D. Posting after 10:00pm, no matter how beautiful the image or meaningful the caption, would get me very few likes unless it had something to do with a significant life event like a birth or an engagement.
E. The best time to post is around 7:30pm.
F. Pictures of just me will get the most likes. Pictures of just one of my friends will reap many of her friends liking the photo. Conclusion= people like to see their friends in photos, but it is weird for them to like photos that include people they do not know. But with multiple friends that a person knows in the picture, you are guaranteed to get even more likes.
G. I began to wonder how much Facebook knows to show images that relate to certain people and withhold other images that seem of little importance to that person. Or do people see more than they let on? Hmmm…interesting...
H. My analytics were all thrown off on days when I posted multiple days because the images showed up as part of the album, not individual pictures.
I. There seems to be more active people on Instagram than on Facebook.
3. This year, I forced myself to do things and explore places. I had to because I did not want to take the same flower in my backyard over and over again (though I did take many backyard photographs). I got to see new parks, go on excursions, find local events, and organize events with my friends. And with that, I have a small moment from each day of this year recorded for years to come.
4. Sometimes an imperfect picture is beautiful because it captures a moment that can never happen again.
5. Though selfies are not the most beautiful photos ever taken, I understand their popularity.
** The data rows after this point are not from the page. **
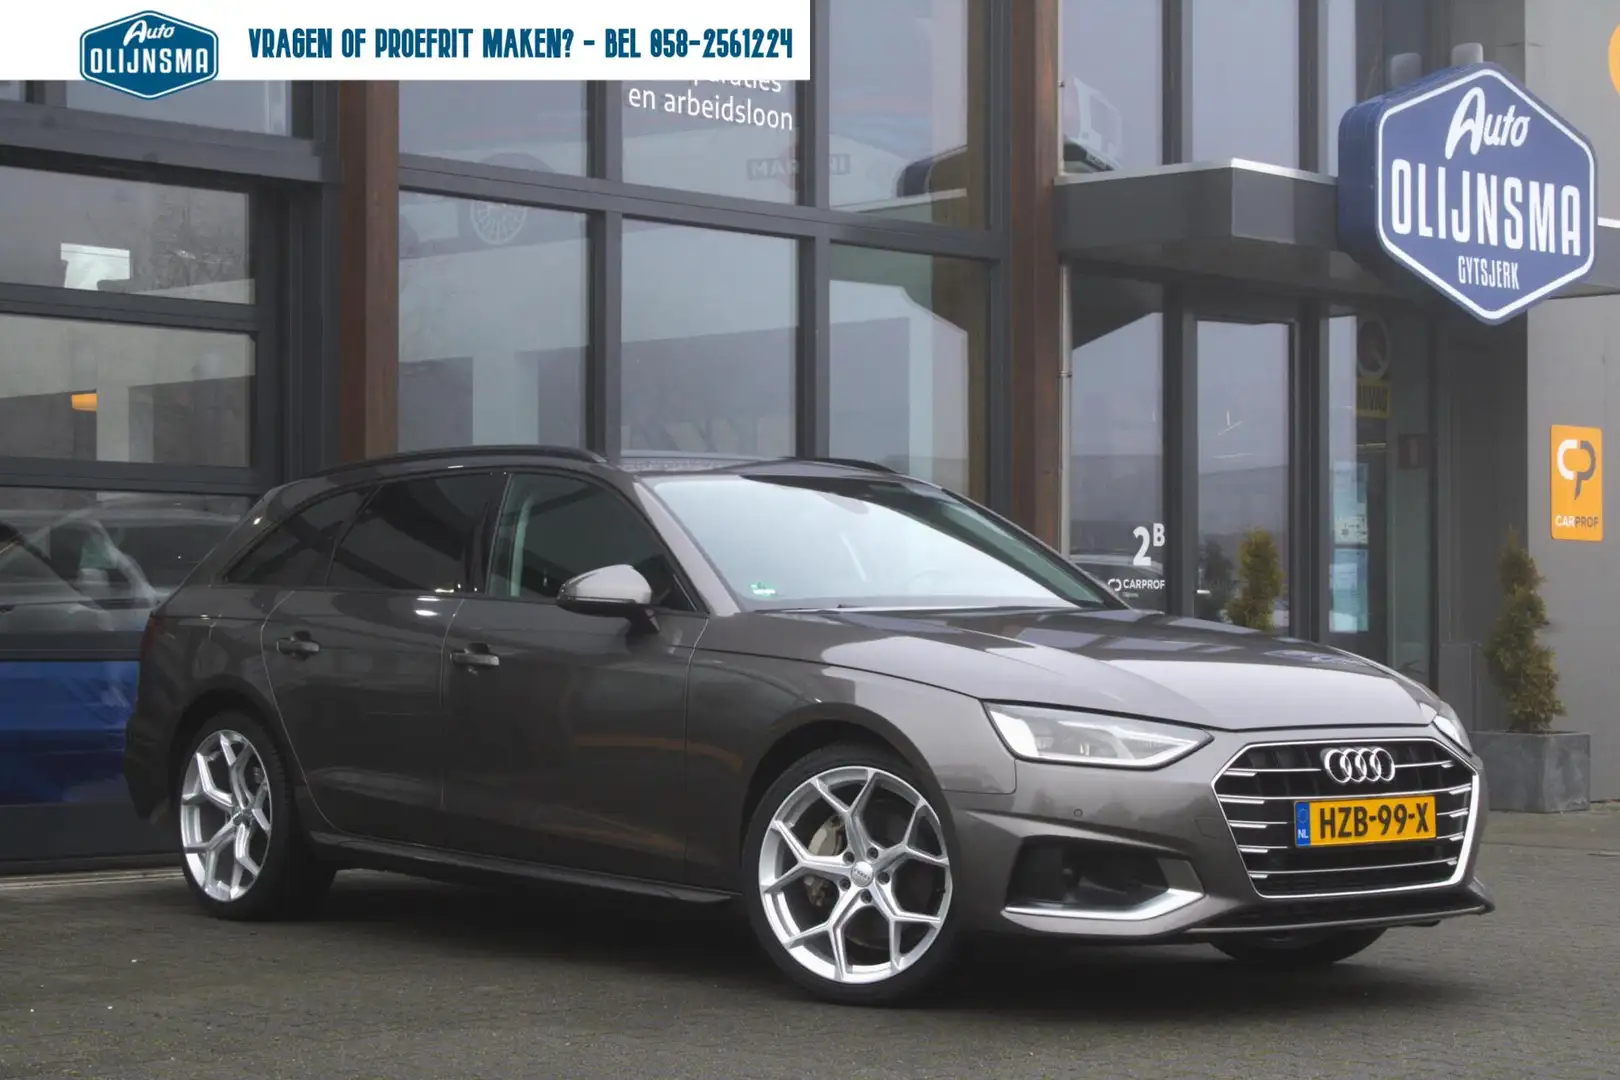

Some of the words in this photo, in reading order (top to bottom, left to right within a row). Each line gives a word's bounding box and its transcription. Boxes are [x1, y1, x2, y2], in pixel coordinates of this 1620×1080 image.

[628, 87, 656, 110] en
[664, 89, 793, 131] arbeidsloon
[1445, 86, 1531, 160] Auto
[1390, 158, 1581, 256] OLIJNSMA
[1457, 255, 1520, 290] GYTSJERK
[1555, 515, 1599, 529] CARPROF
[1122, 578, 1166, 590] CARPROF
[1297, 828, 1309, 839] NL
[1319, 802, 1429, 839] HZB-99-X
They are a quick reference to an event with all the people you were there with. Looking back at the selfies I took, I remember the conversations, the laughter, and the happiness from each encounter. And the people who view it like to see you having fun, not just taking photos.
6. Though I already knew this before, I love going on photo walks, especially I discovered when another photographer or friend joins me. Photo walks are relaxing and peaceful, and if you are with someone else, you get to know that person even better. And these walks always gave me something to look forward to while also knowing I would get fun shots there.
7. I learned different techniques of photography like night-time photography and different lighting. Again this was because I did not want the same photo every day, and during the winter months, the sun sets before I get home so I had to learn night-time photography.
8. Photography became the thing that I used to relax after teaching. Though I did include some teaching photos, most of the time, photography was the time that I did something completely unrelated to teaching. This is so important to have because it gave me a break and allowed me to relax. I would be more focused to get work done later in the evening.
9. During the month of November, I took on the grateful challenge. Each thing that I was grateful for coordinated with the picture that I took. It was a purposeful way to reflect on what I was grateful for that day and how I could show it through a photo. It was also special to have a month where I got to see almost everyone who is near and dear to my heart.
10. No matter the mood I was in or the day I had had, I came home and took my picture. Looking back, I can tell you how I was feeling that day. Many of the pictures reflected my mood even through little subtleties that only I would understand.
11. On days when I had people in my photos or I took the photo with them there, I was happier than on days when I just was by myself taking photos, especially when I got to photograph the small children in my life. Though I am an introvert, spending quality time with people is so valuable to me.
12. I noticed that people started looking forward to me showing up with my camera. In fact, one of my friends told that she heard I was coming over so put on make up because she knew I would have my camera.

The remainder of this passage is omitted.